_WHAT IS REQUIRED_. Set down the data below exactly; pictures stay out.

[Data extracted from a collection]
^^^^^^^^

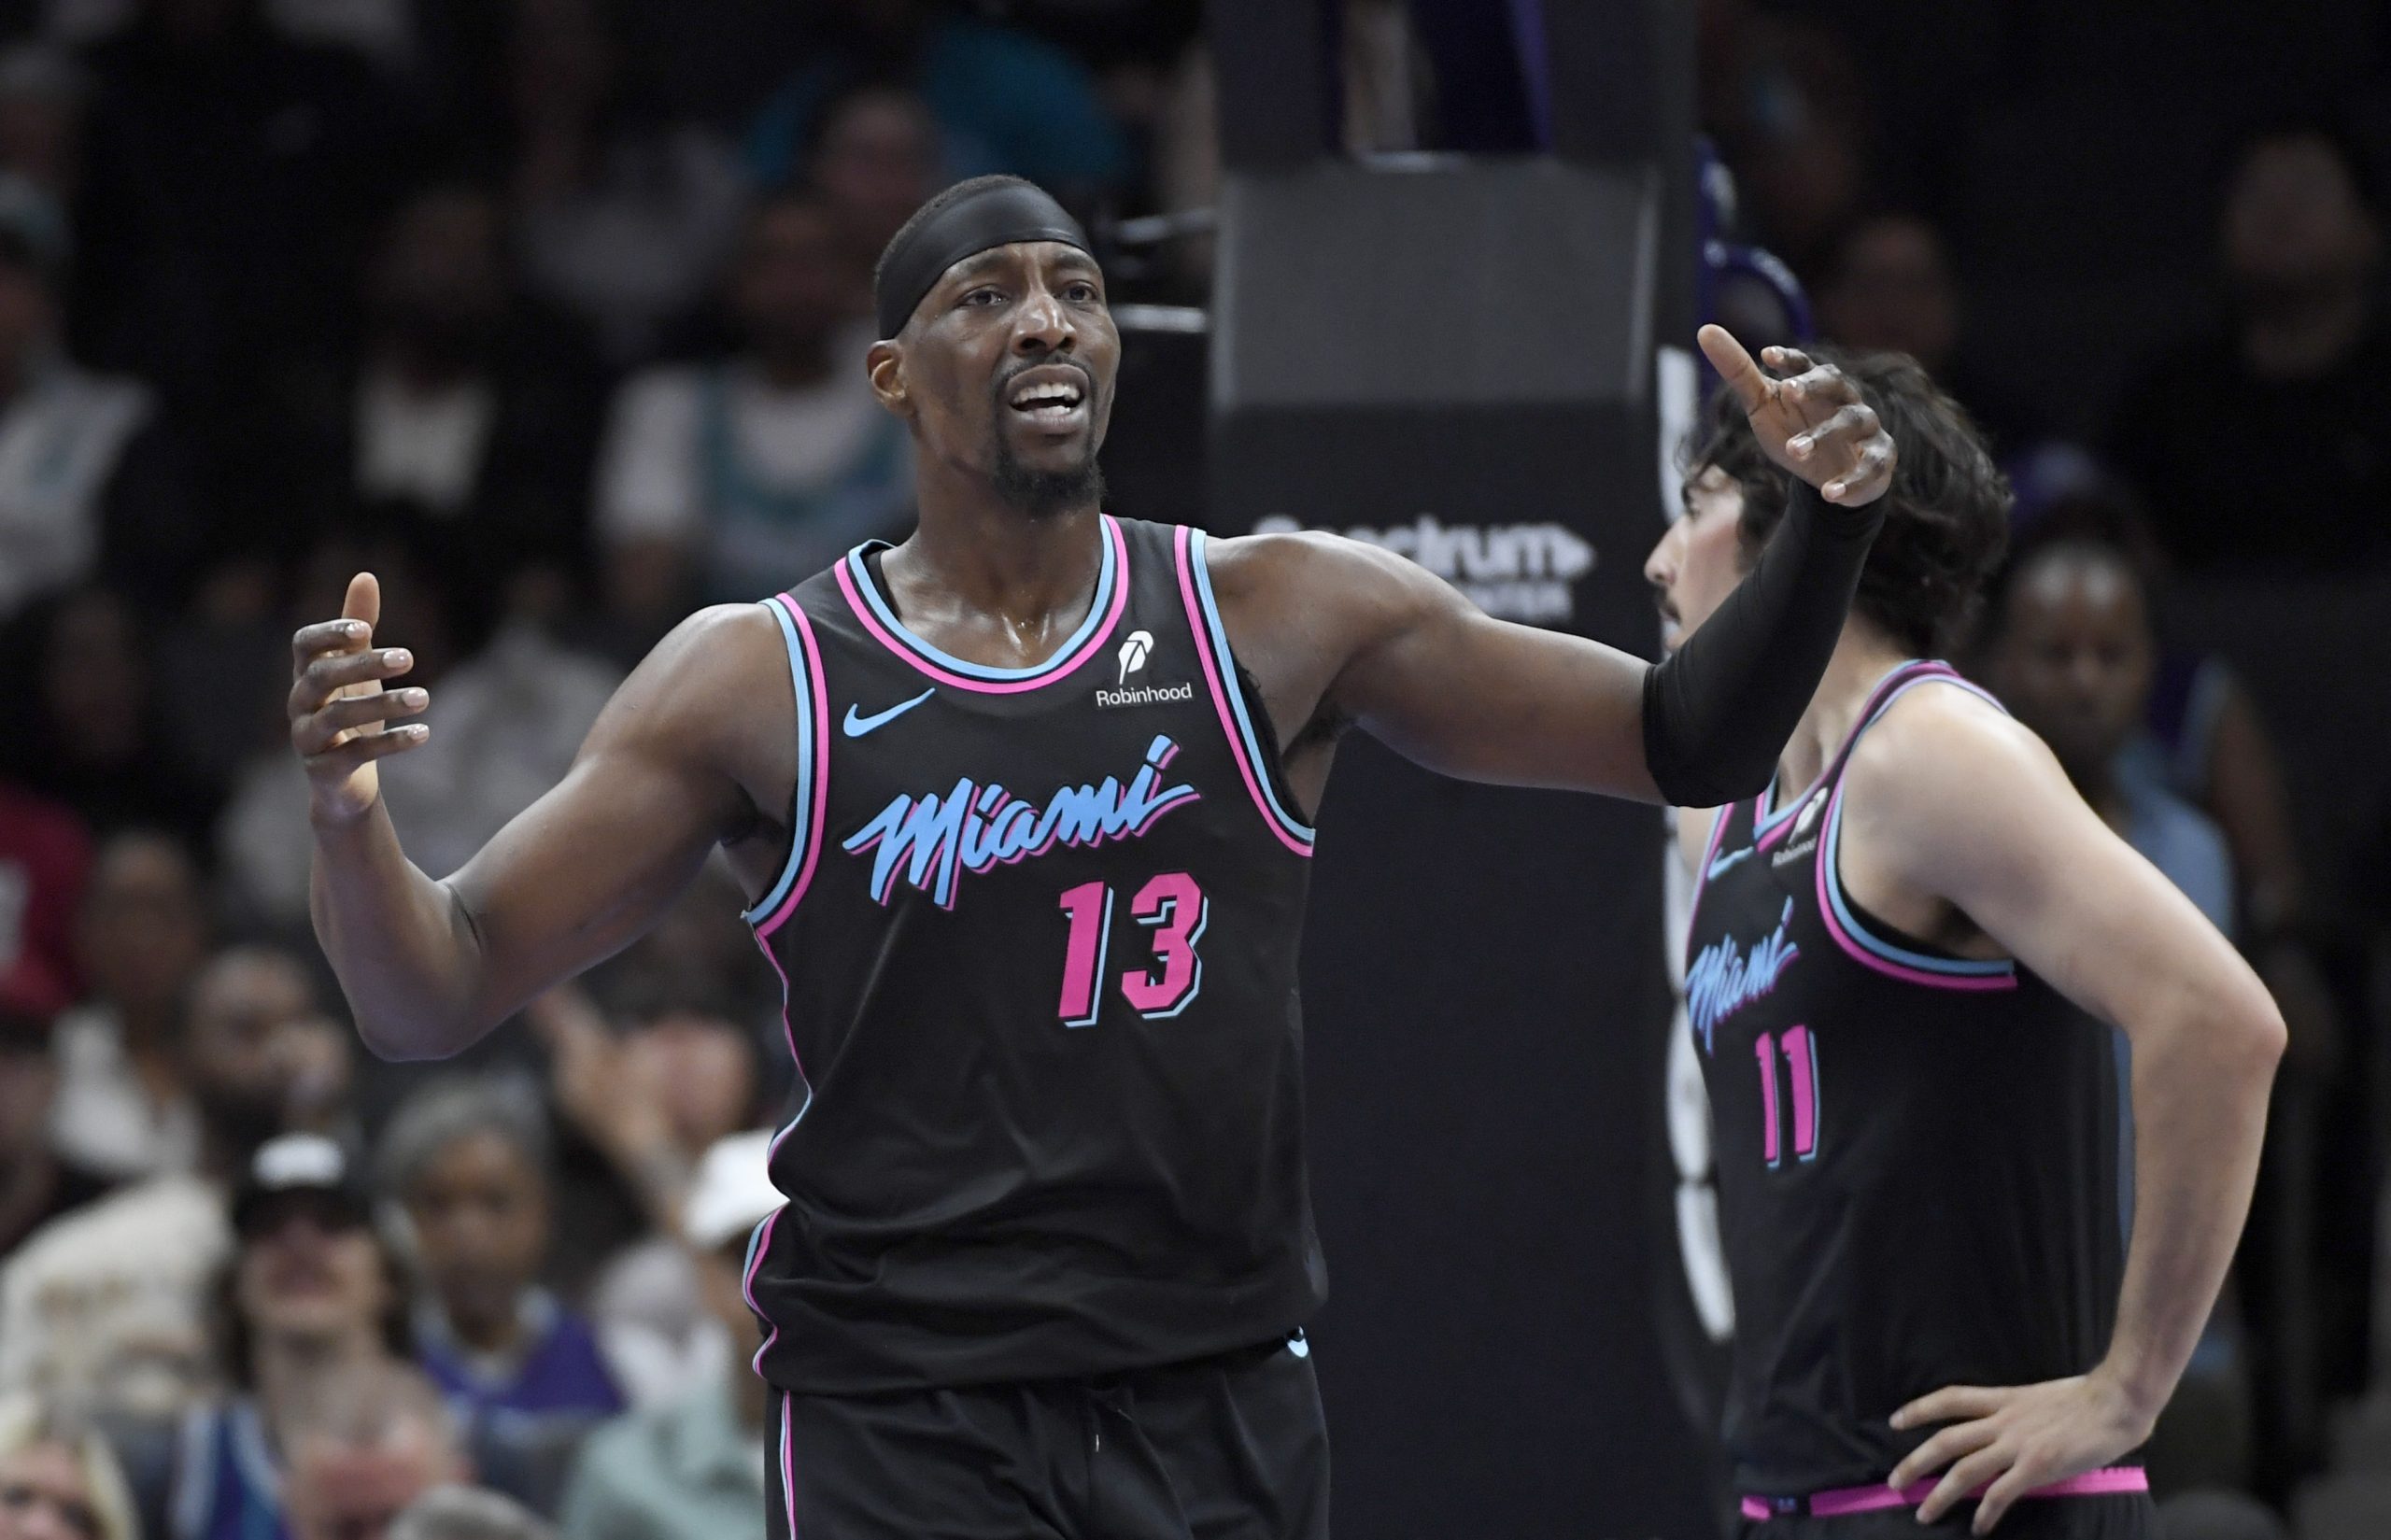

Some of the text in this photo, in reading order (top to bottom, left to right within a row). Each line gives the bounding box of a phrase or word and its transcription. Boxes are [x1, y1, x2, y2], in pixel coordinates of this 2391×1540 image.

[1096, 682, 1193, 707] Robinhood
[842, 734, 1201, 911] Miami
[1057, 871, 1209, 1027] 13
[1684, 894, 1800, 1057] Miami
[1754, 1024, 1820, 1168] 11
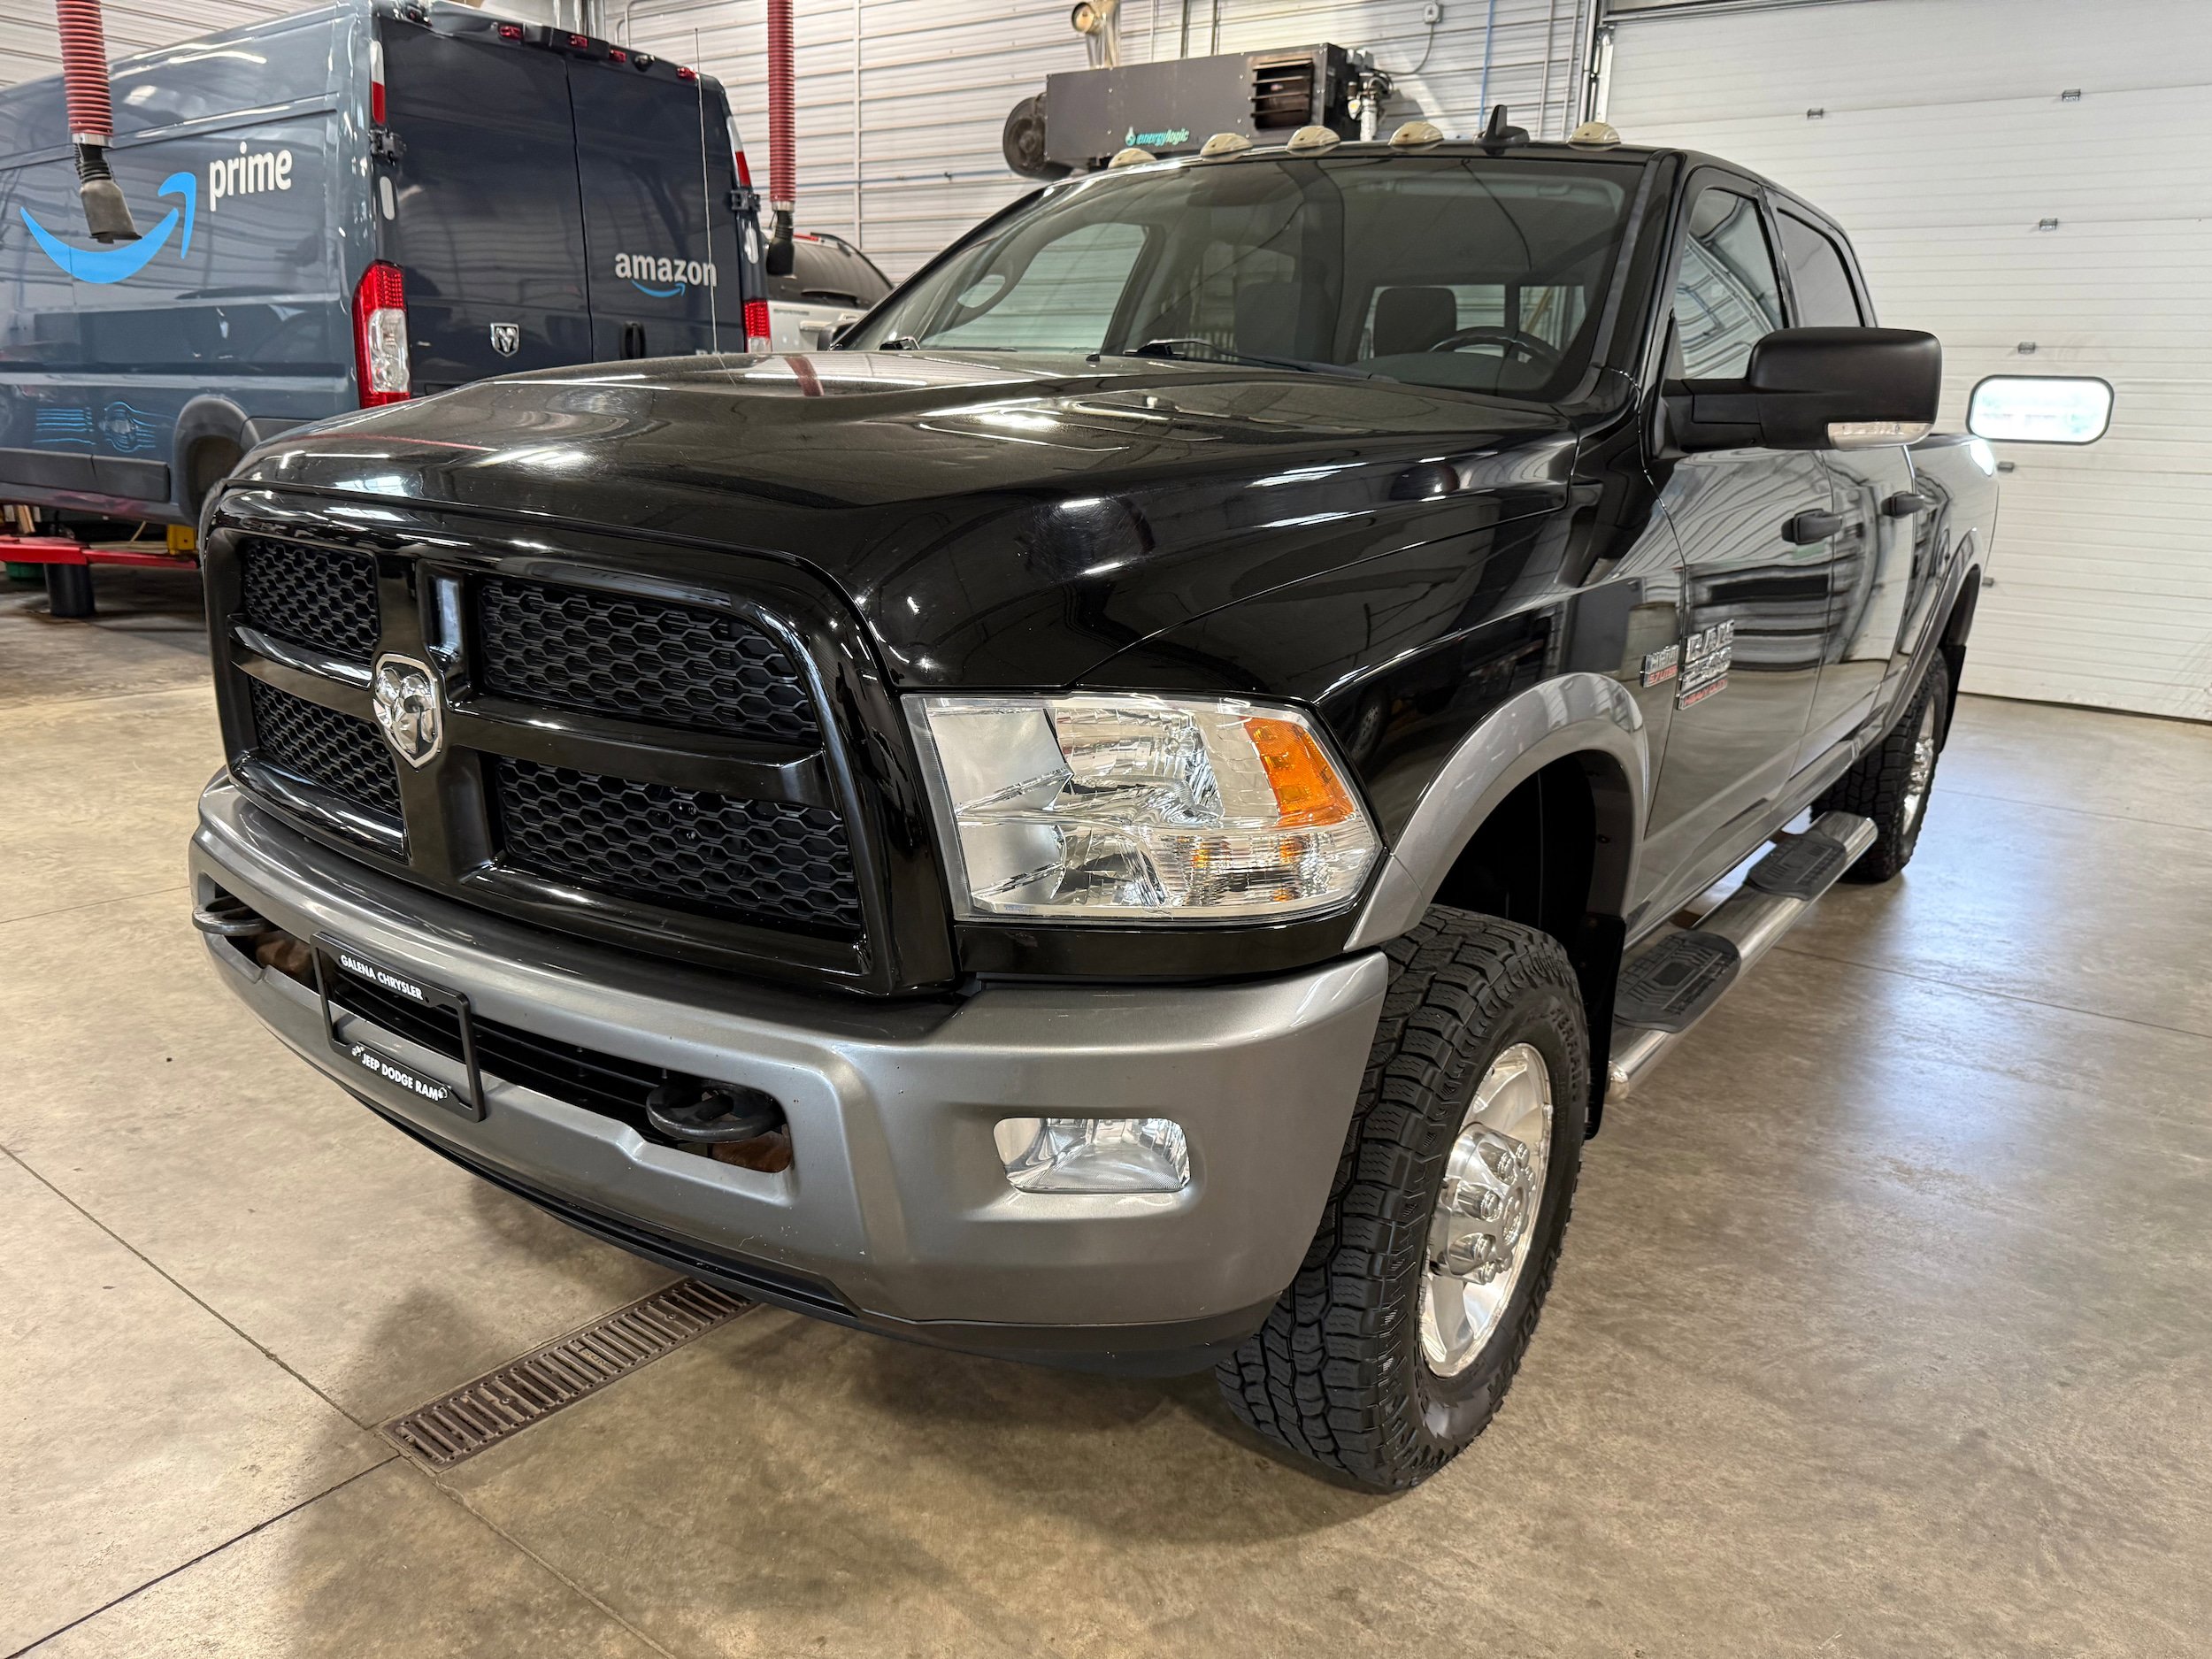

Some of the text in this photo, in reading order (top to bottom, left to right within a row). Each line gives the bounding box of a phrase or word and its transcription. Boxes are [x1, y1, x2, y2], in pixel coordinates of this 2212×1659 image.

[1136, 127, 1190, 147] energylogic
[209, 141, 293, 212] prime
[615, 253, 718, 287] amazon
[1685, 619, 1735, 664] RAM
[340, 954, 424, 1001] GALENA CHRYSLER
[361, 1053, 440, 1102] JEEP DODGE RAM

^^^^^^^^

_REPLY_.
Some of the text in this photo, in reading order (top to bottom, left to right within a row). Each line gives the bounding box of a phrase or word and its transcription. Boxes are [x1, y1, x2, y2], in pixel coordinates of this 2391×1540 image.

[1096, 682, 1193, 707] Robinhood
[842, 734, 1201, 911] Miami
[1057, 871, 1209, 1027] 13
[1684, 894, 1800, 1057] Miami
[1754, 1024, 1820, 1168] 11

Some of the text in this photo, in reading order (top to bottom, left to right within a row). Each line gives the bounding box of a phrase or word and its transcription. Boxes are [x1, y1, x2, y2], in pixel coordinates of this 2212×1659 image.

[1136, 127, 1190, 147] energylogic
[209, 141, 293, 212] prime
[615, 253, 718, 287] amazon
[1685, 619, 1735, 664] RAM
[340, 954, 424, 1001] GALENA CHRYSLER
[361, 1053, 440, 1102] JEEP DODGE RAM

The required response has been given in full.